Question 5: Consider the same schools table as Question 4, now with N added and P99 rounded.
Maths scores for year 9, schools in the North East. Note: unweighted counts.
| School | Mean | s.d. | P99 | N |
|---|---|---|---|---|
| Wickham school | 44,000 | 5.6 | 87,000 | 110 |
| St Annes primary | 32,000 | 1.3 | 66,000 | 96 |
| Clydesdale infants | 87,000 | 12.0 | 98,000 | 34 |
| Pent cross school | 45,000 | 4.3 | 68,000 | 24 |
| Scarsdale | 67,000 | 2.9 | 89,000 | 16 |
| Elgin | 38,000 | 2.4 | 68,000 | 45 |
Which of the following apply?
- A. All rows meet the threshold of 10, so the table can be released.
- B. The P99 cannot be released for Clydesdale infants (N = 34), Pent cross (N = 24), Scarsdale (N = 16), or Elgin (N = 45) - at these sample sizes the 99th percentile effectively refers to a single pupil's score.
- C. The P99 column should be suppressed for the low-N schools, or replaced with a wider summary (e.g. inter-quartile range) that does not depend on a single extreme observation.
- D. Means and standard deviations are fine to release for all schools - the disclosure issue is specifically with the extreme percentile.
- E. Because "Scarsdale" has N = 16, which is above the threshold of 10, all of its statistics - including P99 - are safe.
Answer: B, C, D
The per-school N column now shows that four of the six schools have fewer than ~100 pupils, so their P99 values are effectively single individuals' scores.

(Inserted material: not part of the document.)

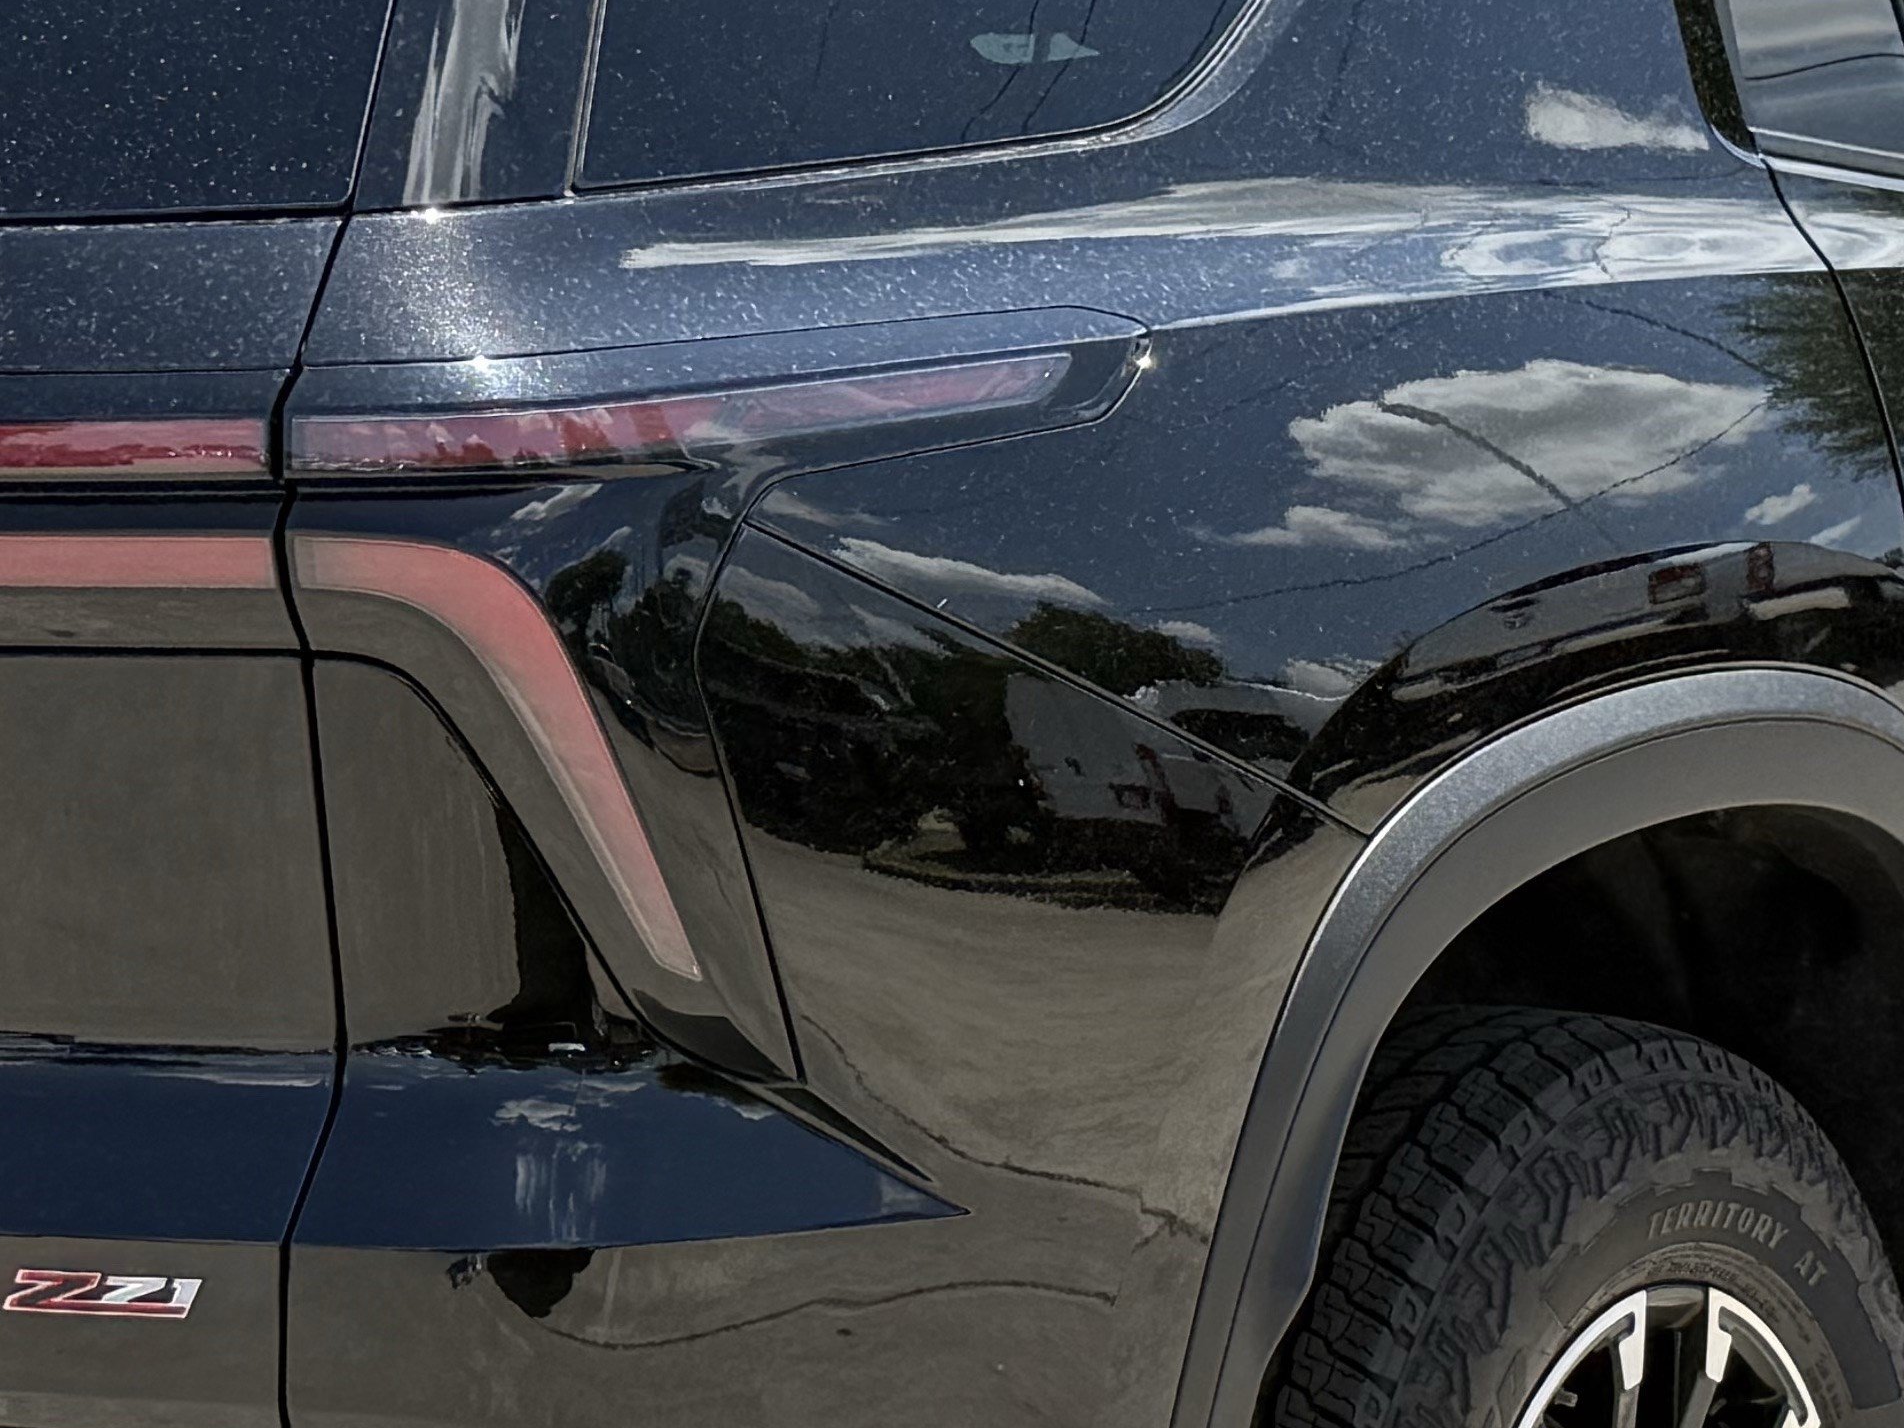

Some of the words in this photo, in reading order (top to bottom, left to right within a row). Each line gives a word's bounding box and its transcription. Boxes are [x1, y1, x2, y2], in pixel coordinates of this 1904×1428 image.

The fix is to suppress P99 for those rows, or replace it with a less extreme statistic (IQR). Means and standard deviations are summary statistics over N ≥ 16 and are not the disclosure risk here.
- A is wrong - meeting the threshold on counts is not enough; extreme percentiles need a much larger N behind them.
- E is wrong for the same reason - an N of 16 is fine for a count but far too small for an unmasked 99th percentile.